= Beginning of Section =
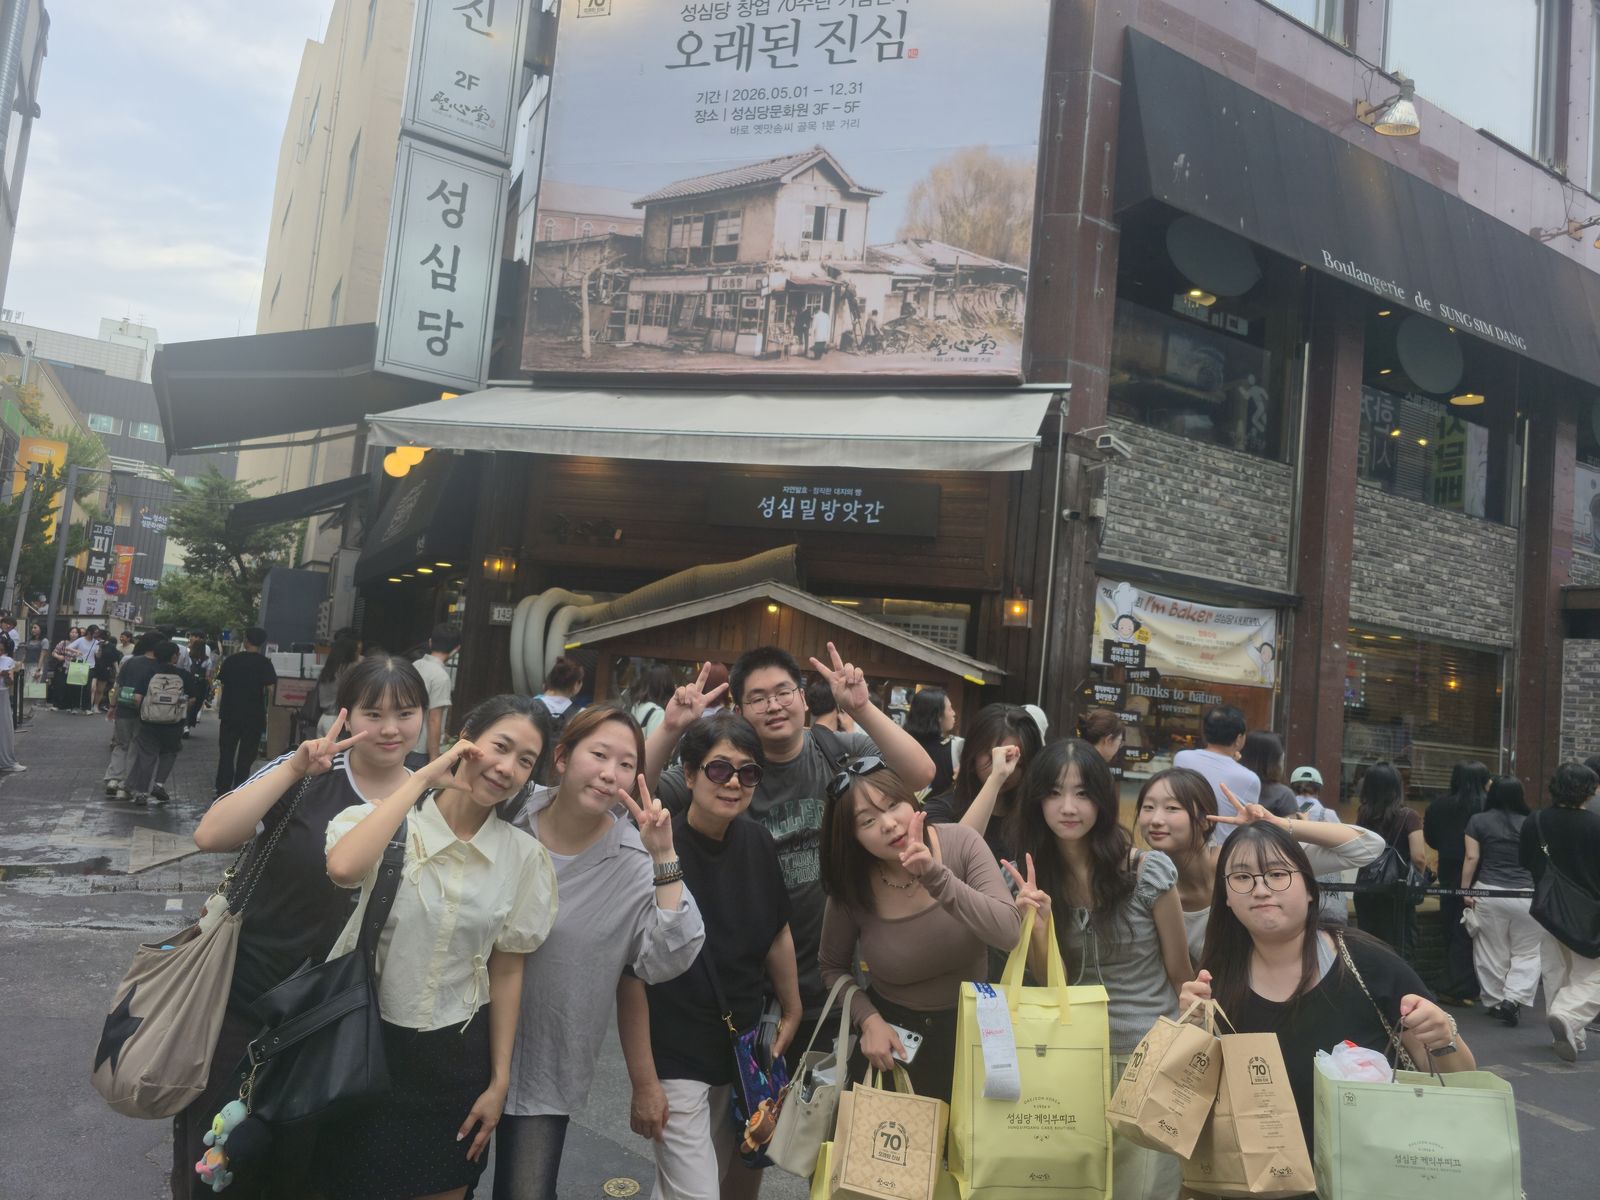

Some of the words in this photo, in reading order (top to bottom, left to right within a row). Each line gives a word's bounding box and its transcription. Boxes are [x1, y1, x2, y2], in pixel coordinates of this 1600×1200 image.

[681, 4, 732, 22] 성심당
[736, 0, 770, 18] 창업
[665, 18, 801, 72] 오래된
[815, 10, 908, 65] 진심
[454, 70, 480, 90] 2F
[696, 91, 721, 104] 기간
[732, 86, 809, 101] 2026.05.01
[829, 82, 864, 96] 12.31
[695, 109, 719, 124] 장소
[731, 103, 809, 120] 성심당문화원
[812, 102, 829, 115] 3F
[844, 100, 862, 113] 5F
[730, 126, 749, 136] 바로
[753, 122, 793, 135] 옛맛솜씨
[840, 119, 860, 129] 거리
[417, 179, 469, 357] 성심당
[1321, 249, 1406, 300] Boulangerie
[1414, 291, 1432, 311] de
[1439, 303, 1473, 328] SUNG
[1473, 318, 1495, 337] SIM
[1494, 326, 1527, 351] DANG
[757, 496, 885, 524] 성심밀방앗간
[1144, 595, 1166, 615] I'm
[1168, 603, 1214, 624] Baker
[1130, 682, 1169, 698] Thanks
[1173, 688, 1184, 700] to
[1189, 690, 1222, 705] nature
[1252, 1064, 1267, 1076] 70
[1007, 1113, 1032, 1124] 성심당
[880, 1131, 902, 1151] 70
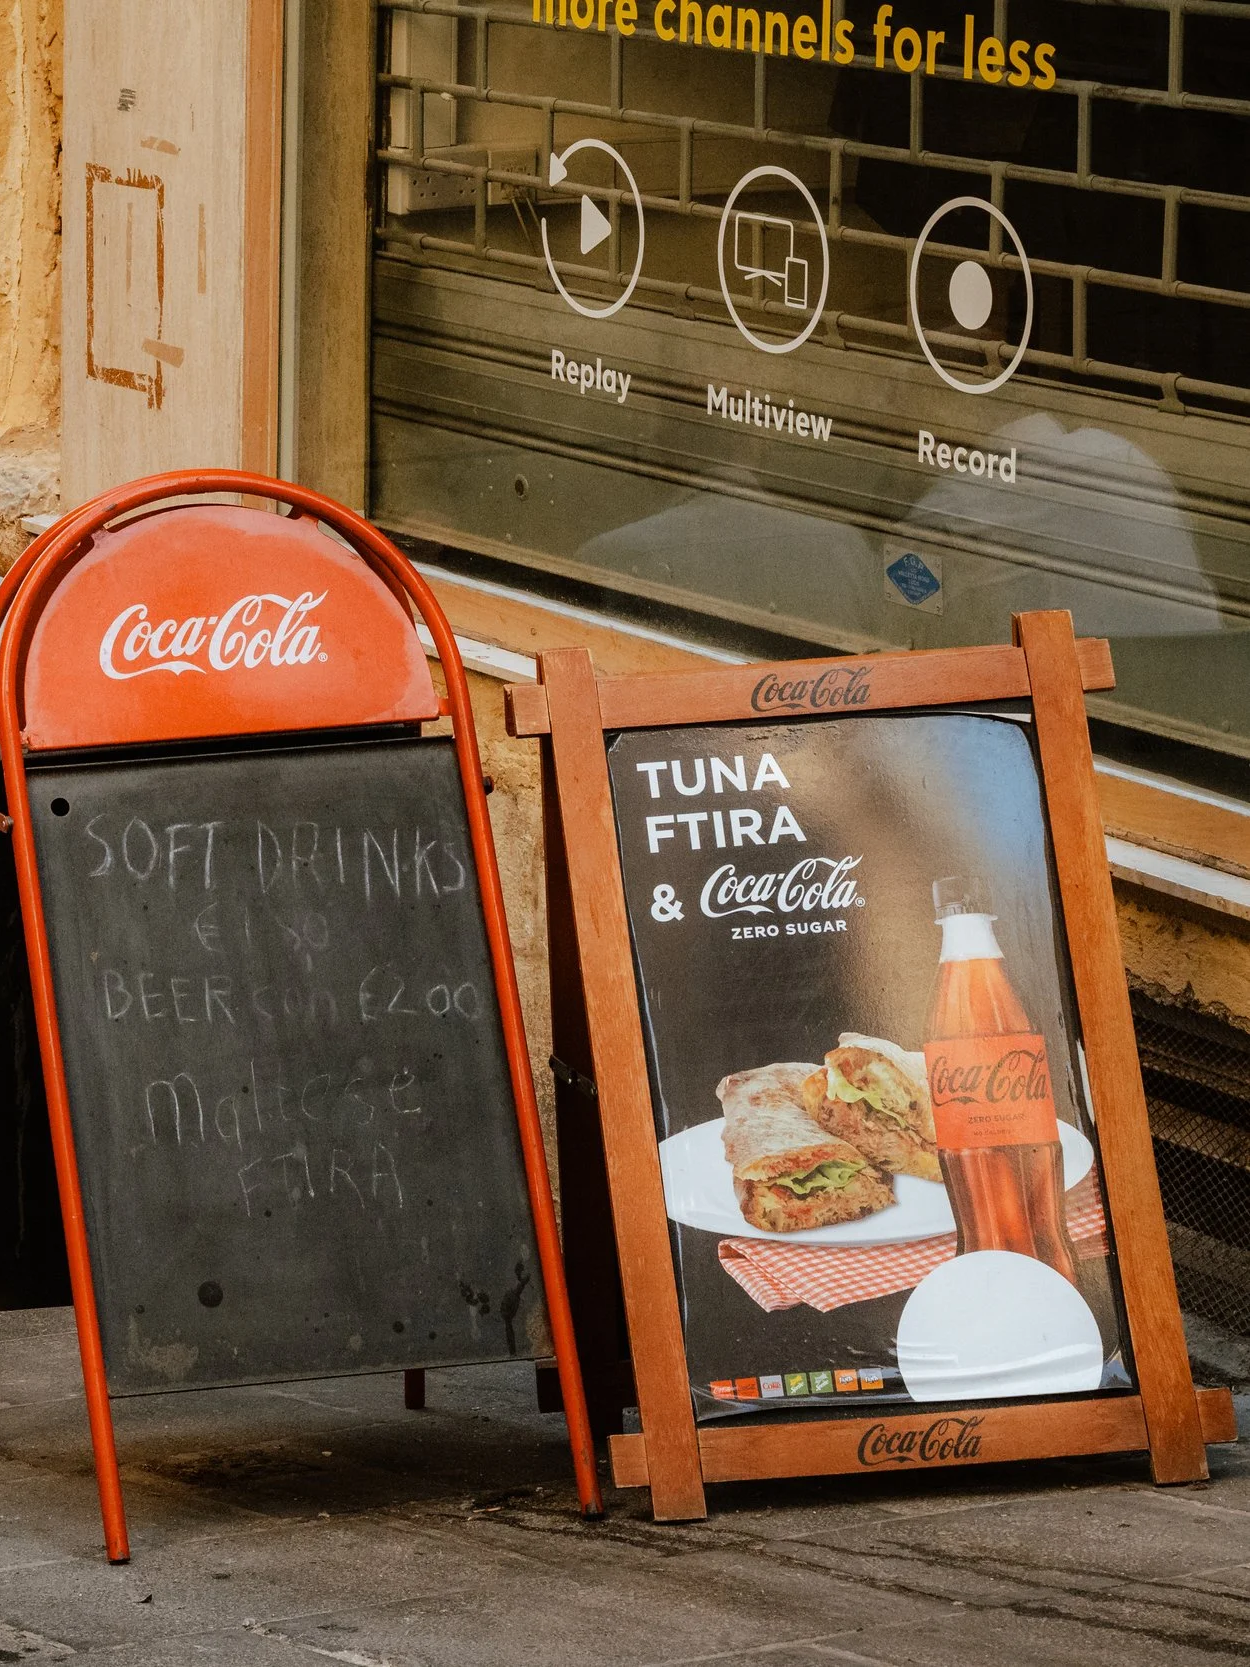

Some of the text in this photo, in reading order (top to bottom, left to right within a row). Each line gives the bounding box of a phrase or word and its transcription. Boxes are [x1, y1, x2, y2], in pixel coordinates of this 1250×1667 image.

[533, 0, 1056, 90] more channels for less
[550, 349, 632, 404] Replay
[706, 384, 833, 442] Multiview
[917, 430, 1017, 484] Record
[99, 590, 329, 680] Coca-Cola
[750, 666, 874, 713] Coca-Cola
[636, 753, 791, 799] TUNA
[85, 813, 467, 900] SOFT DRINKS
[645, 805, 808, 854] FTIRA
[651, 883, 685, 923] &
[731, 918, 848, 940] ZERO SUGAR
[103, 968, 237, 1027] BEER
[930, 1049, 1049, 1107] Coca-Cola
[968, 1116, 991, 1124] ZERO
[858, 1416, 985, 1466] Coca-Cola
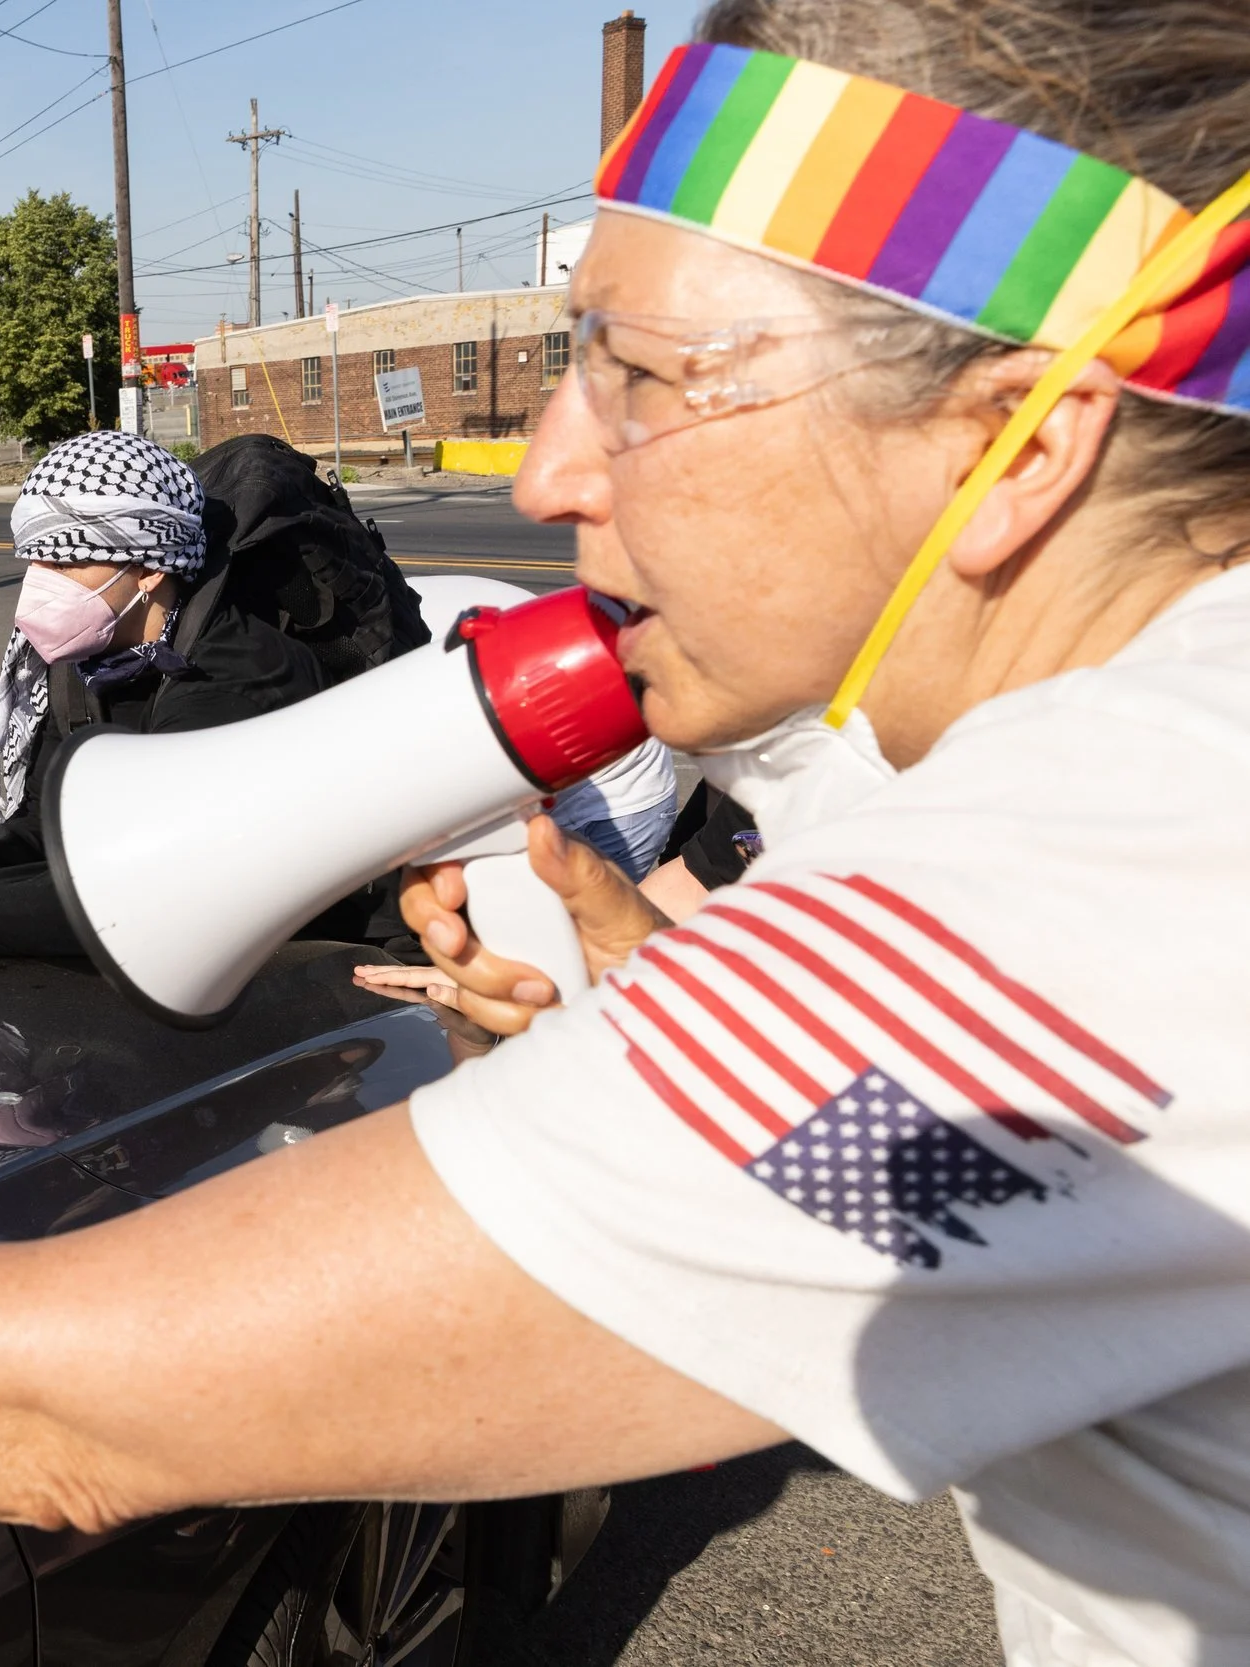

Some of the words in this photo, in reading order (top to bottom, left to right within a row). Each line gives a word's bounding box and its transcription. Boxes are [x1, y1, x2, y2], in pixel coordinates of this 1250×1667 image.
= End of Section =
■ WHAT THE TASK REQUIRES ■
The result should be every entry, word for word, and no pictures.

■ EXPECTED OUTPUT ■
Some of the words in this photo, in reading order (top to bottom, left to right within a row). Each line gives a word's bounding box and its transcription. Boxes are [x1, y1, x2, y2], in pixel coordinates of this 1600×1200 image.

[681, 4, 732, 22] 성심당
[736, 0, 770, 18] 창업
[665, 18, 801, 72] 오래된
[815, 10, 908, 65] 진심
[454, 70, 480, 90] 2F
[696, 91, 721, 104] 기간
[732, 86, 809, 101] 2026.05.01
[829, 82, 864, 96] 12.31
[695, 109, 719, 124] 장소
[731, 103, 809, 120] 성심당문화원
[812, 102, 829, 115] 3F
[844, 100, 862, 113] 5F
[730, 126, 749, 136] 바로
[753, 122, 793, 135] 옛맛솜씨
[840, 119, 860, 129] 거리
[417, 179, 469, 357] 성심당
[1321, 249, 1406, 300] Boulangerie
[1414, 291, 1432, 311] de
[1439, 303, 1473, 328] SUNG
[1473, 318, 1495, 337] SIM
[1494, 326, 1527, 351] DANG
[757, 496, 885, 524] 성심밀방앗간
[1144, 595, 1166, 615] I'm
[1168, 603, 1214, 624] Baker
[1130, 682, 1169, 698] Thanks
[1173, 688, 1184, 700] to
[1189, 690, 1222, 705] nature
[1252, 1064, 1267, 1076] 70
[1007, 1113, 1032, 1124] 성심당
[880, 1131, 902, 1151] 70

Some of the text in this photo, in reading order (top to bottom, left to right within a row). Each line gives the bounding box of a phrase or word and its transcription. Boxes are [x1, y1, x2, y2], in pixel coordinates of this 1250×1667 image.

[533, 0, 1056, 90] more channels for less
[550, 349, 632, 404] Replay
[706, 384, 833, 442] Multiview
[917, 430, 1017, 484] Record
[99, 590, 329, 680] Coca-Cola
[750, 666, 874, 713] Coca-Cola
[636, 753, 791, 799] TUNA
[85, 813, 467, 900] SOFT DRINKS
[645, 805, 808, 854] FTIRA
[651, 883, 685, 923] &
[731, 918, 848, 940] ZERO SUGAR
[103, 968, 237, 1027] BEER
[930, 1049, 1049, 1107] Coca-Cola
[968, 1116, 991, 1124] ZERO
[858, 1416, 985, 1466] Coca-Cola

Some of the words in this photo, in reading order (top to bottom, left to right within a row). Each line gives a word's bounding box and its transcription. Boxes are [x1, y1, x2, y2], in pixel coordinates of this 1250×1667 image.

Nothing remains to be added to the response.